Si je ne dois qu'à moi mes dignités nouvelles,
Crois-tu par là me ravaler
Apprends qu'il est doux de voler,
Et qu'il est glorieux d'avoir formé ses ailes.
Полёвка-мышь однажды крысе водяной,
Что нежилась у заводи речной:
– Кузина, – говорит, – удачна наша встреча,
Не знаю почему, мне снилась наша речка:
Должно сдружиться нам – у нас прозванья схожи,
Мы ветви, знаете ли, древа одного же:
Когда твои болота ручьями разбегутся,
Моим полям сокровищем прольются.
Приди увидеть: замок в ста шагах,
Что я построила, что столь прекрасным вышел.
А можно ль мне узреть твоё жилище?
За счастье побыла б я у тебя в гостях.
Мне было б любопытно увидать,
Как в сырости смогла ты особняк создать.
– Сочту за честь, – подруга отвечала, —
но надо бы подплыть… – Я не пыталась,
Но покажи пример – я повторю,
Хоть новичок, мадам, но вдруг и превзойду.
– Идёт. – И вот уж обе рассекают волны;
Но у ондатры хатка так стоит глубо́ко,
Что вскоре стала уставать полёвка.
О помощи пищит, страданьем по́лна,
И за гребком гребок, и чуть глотком не задохнулась,
И кабы не подруга, то на берег не вернулась.
Забыла мышь навеки опыт водолаза,
И прочее, к чему способности нет сразу.
– Кузина, – молвит жительница вод, – река грязна,
Не потому ль приснилась тебе мутная вода?
Пойдём, подруга, замок твой смотреть:
Неспешно двинемся, просушим шерсть.
Паломничества длинные себе с трудом представлю,
Но с сотнею шагов в охотку справлюсь.
Un Jour le Rat des champs apperçut le Rat d'eau
Qui prenoit ses ébats sur le bord d'un ruisseau:
Mon cousin, lui dit-il, la rencontre est heureuse,
Et je ne sais pourquoi j'ai rêvé d'eau bourbeuse:
Nous devons être amis, nos deux noms n'en font qu'un;
Nos branches, comme on sait, sortent d'un tronc commun:
Les marais à la tienne échurent en partage,
Et la mienne des champs m'a transmis l'héritage.
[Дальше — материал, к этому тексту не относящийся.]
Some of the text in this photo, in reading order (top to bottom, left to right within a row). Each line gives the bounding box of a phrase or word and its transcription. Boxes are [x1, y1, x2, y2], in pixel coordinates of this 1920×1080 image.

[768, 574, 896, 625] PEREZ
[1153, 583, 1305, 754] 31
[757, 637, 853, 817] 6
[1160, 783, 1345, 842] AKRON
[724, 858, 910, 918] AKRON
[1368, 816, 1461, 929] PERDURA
Viens m'y voir; à cent pas j'habite un mien château,
Dont je fus l'architecte, et qu'on trouve assez beau.
Ne puis-je cependant connoître ta demeure?
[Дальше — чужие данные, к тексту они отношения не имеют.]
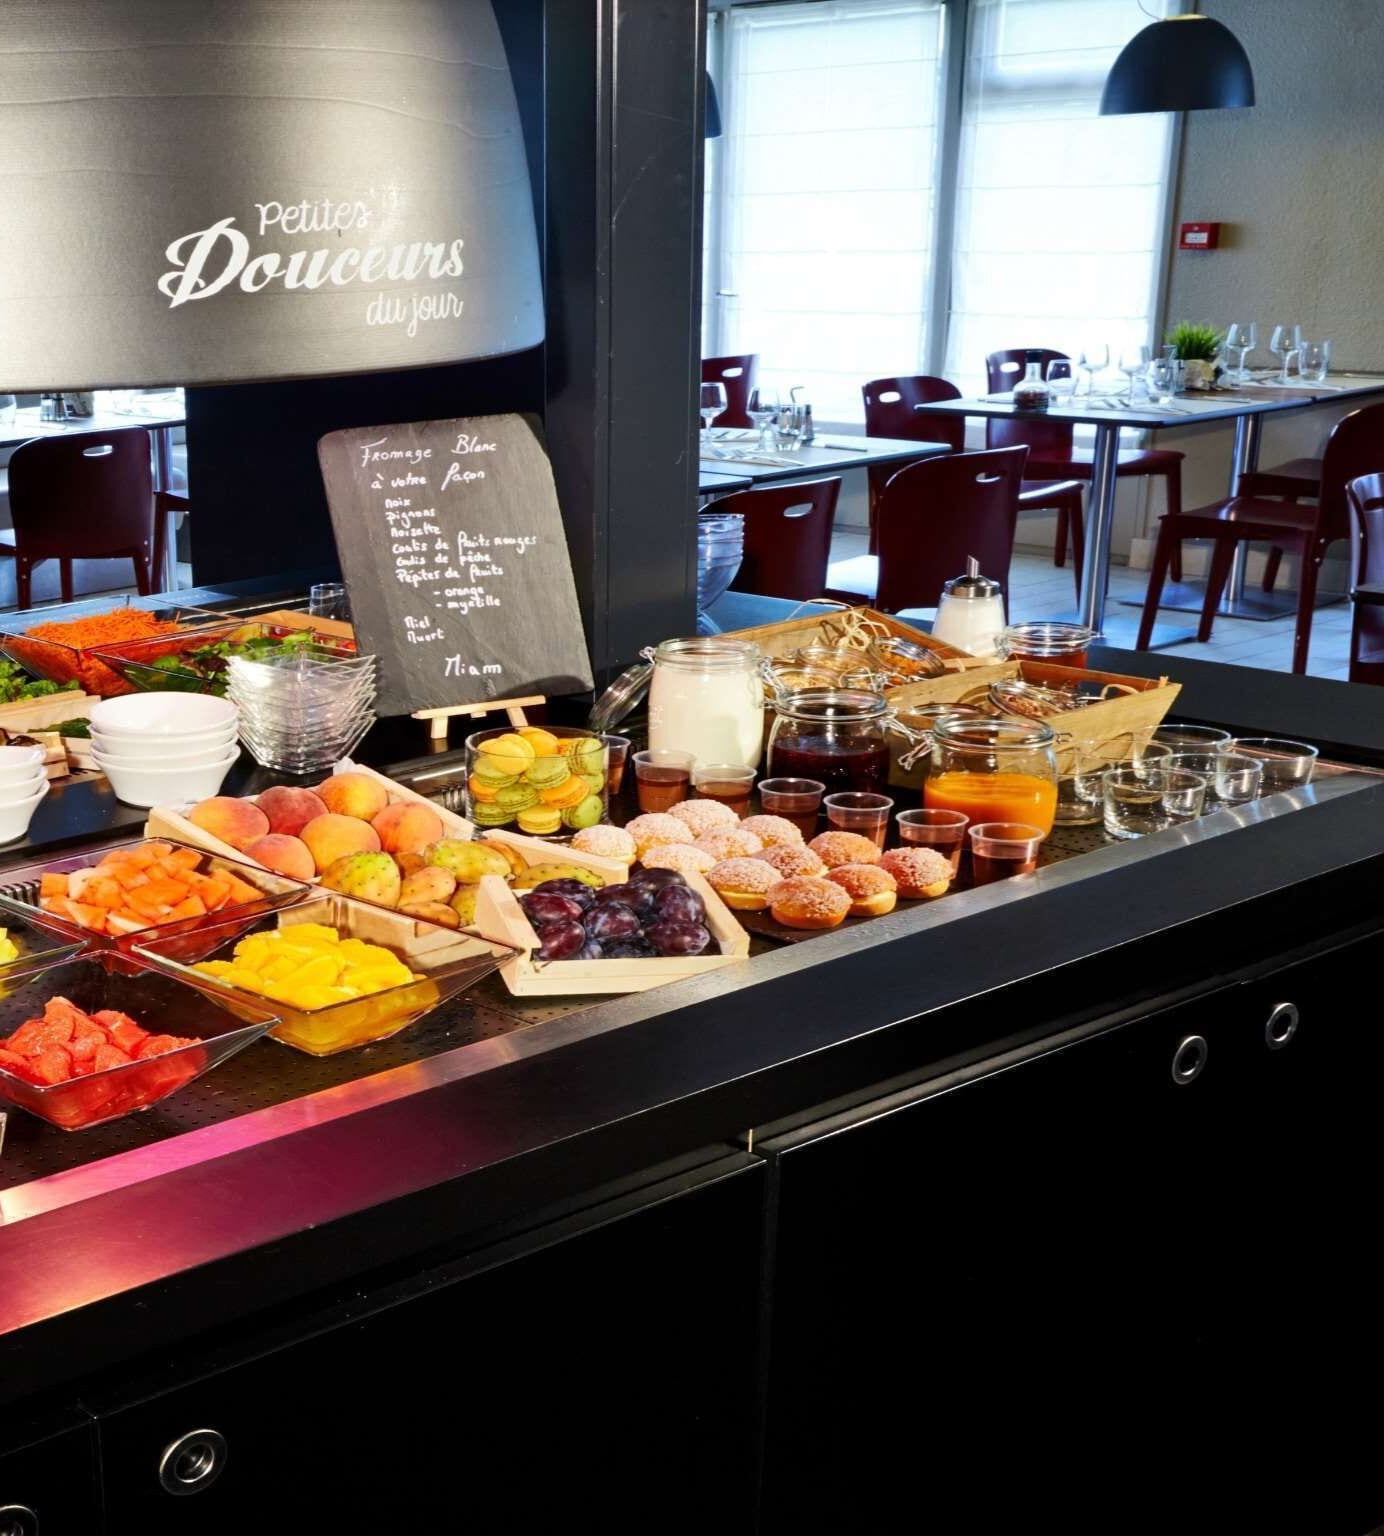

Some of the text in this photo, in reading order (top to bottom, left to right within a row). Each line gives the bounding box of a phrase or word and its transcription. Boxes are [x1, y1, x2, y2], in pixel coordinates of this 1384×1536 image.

[254, 198, 372, 236] Petites
[157, 216, 465, 309] Douceurs
[367, 291, 465, 338] du jour
[360, 434, 497, 467] Fromage Blanc
[371, 462, 486, 491] à votre façon
[434, 537, 450, 550] de
[434, 552, 449, 564] de
[444, 566, 461, 578] de
[444, 586, 485, 600] orange
Je veux t'y visiter; et ce sera sur l'heure.
Je suis, je l'avouerai, fort curieux de voir,
Voir un peu comme est fait ton humide manoir.
Trop d'honneur, répondit l'animal amphibie;
Mais il faudra nager… Je n'appris de ma vie;
Mais donne-moi l'exemple, et je t'imiterai.
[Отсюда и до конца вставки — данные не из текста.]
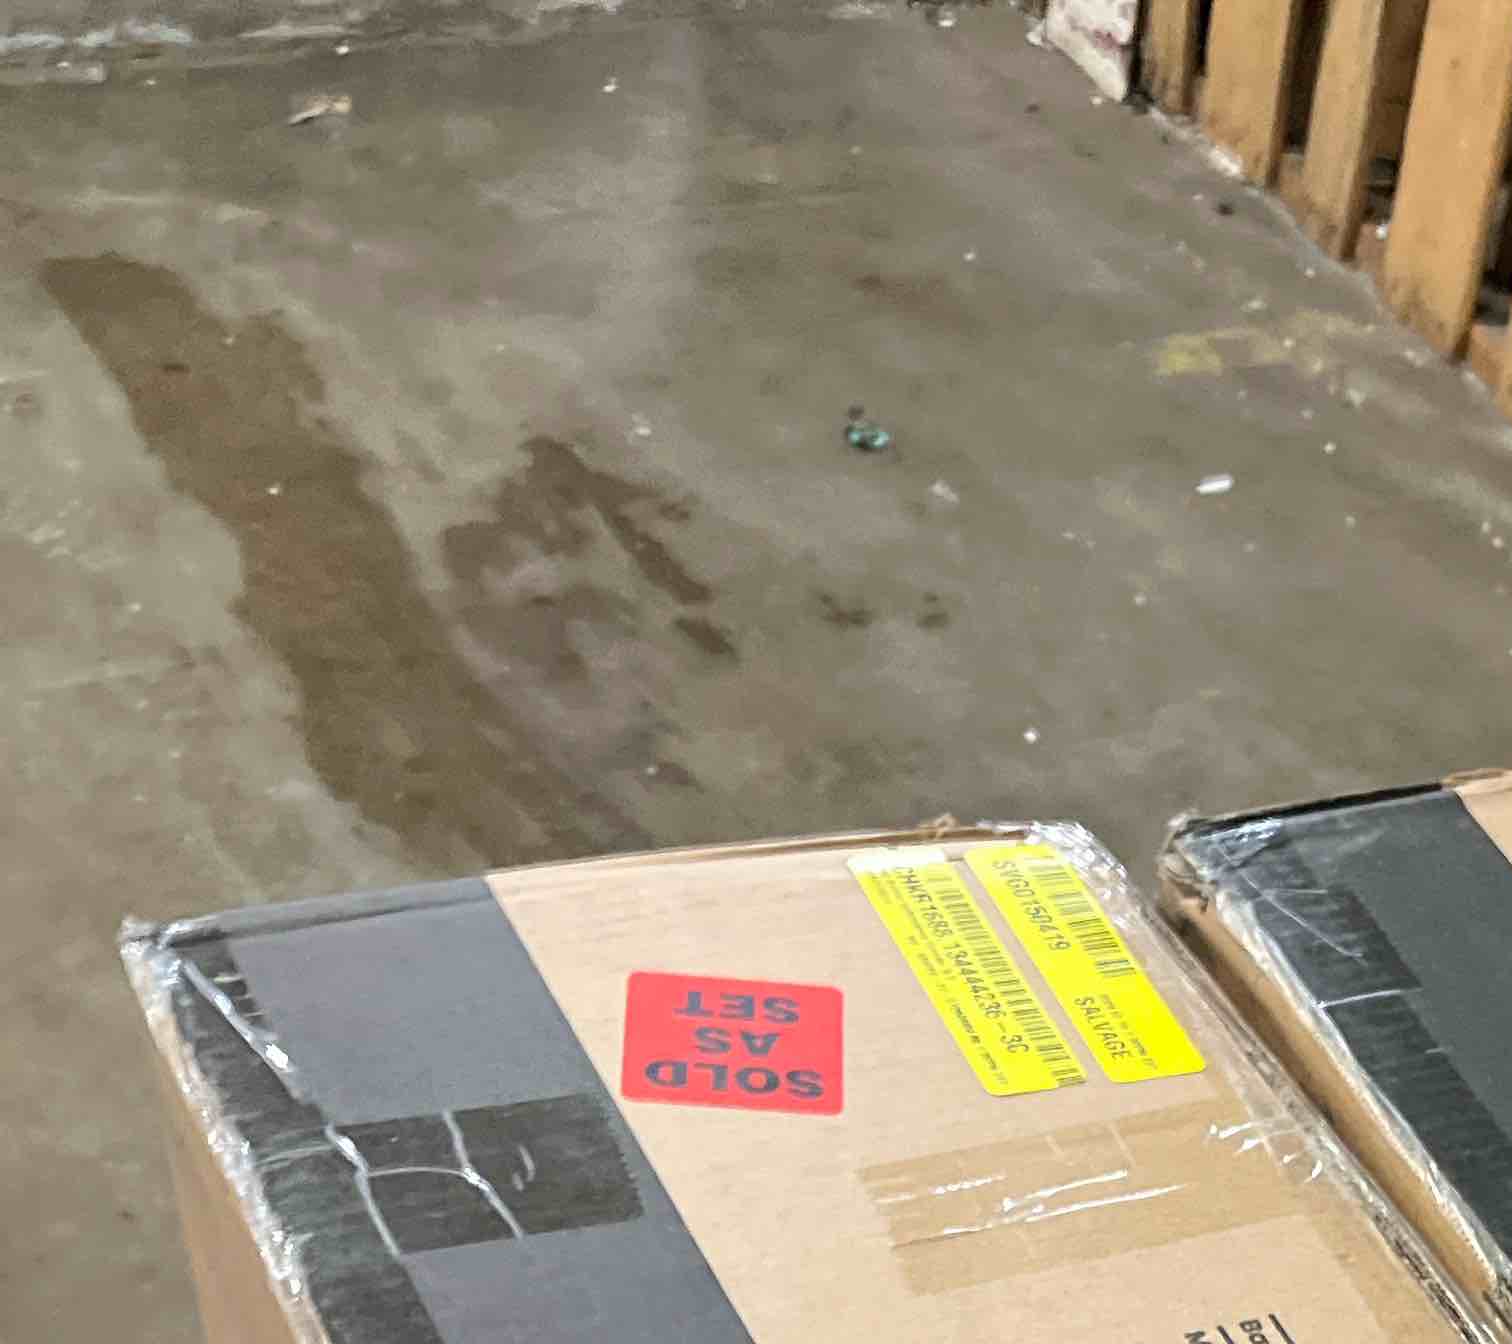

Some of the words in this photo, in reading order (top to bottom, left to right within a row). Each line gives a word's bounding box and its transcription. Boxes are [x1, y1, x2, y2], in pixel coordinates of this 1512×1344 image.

[673, 990, 800, 1023] SET
[693, 1027, 781, 1058] AS
[1074, 996, 1132, 1060] SALVAGE
[645, 1057, 826, 1099] SOLD
Mon maître, en débutant, je vous surpasserai.
Soit. Et voilà d'abord mes deux Rats fendant l'onde;
Mais l'hôte des guérêts la trouva si profonde,
Qu'à son maître bien-tôt l'apprentif eut recours.
Il avoit grand besoin qu'on vint à son secours,
Avalant coup fur coup mainte et mainte rasade,
Quand il revint au bord, grace à son camarade;
Renonçant pour toujours au métier de plongeur,
Et même à tout métier, qu'il ne le sûr par caur.
Cousin, dit le Rat d'eau, la rivière est fangeuse,
Et ce n'est pas pour rien qu'on rêve d'eau bourbeuse?
Remettons la partie; allons voir ton château;
Nous irons doucement, pour secher notre peau.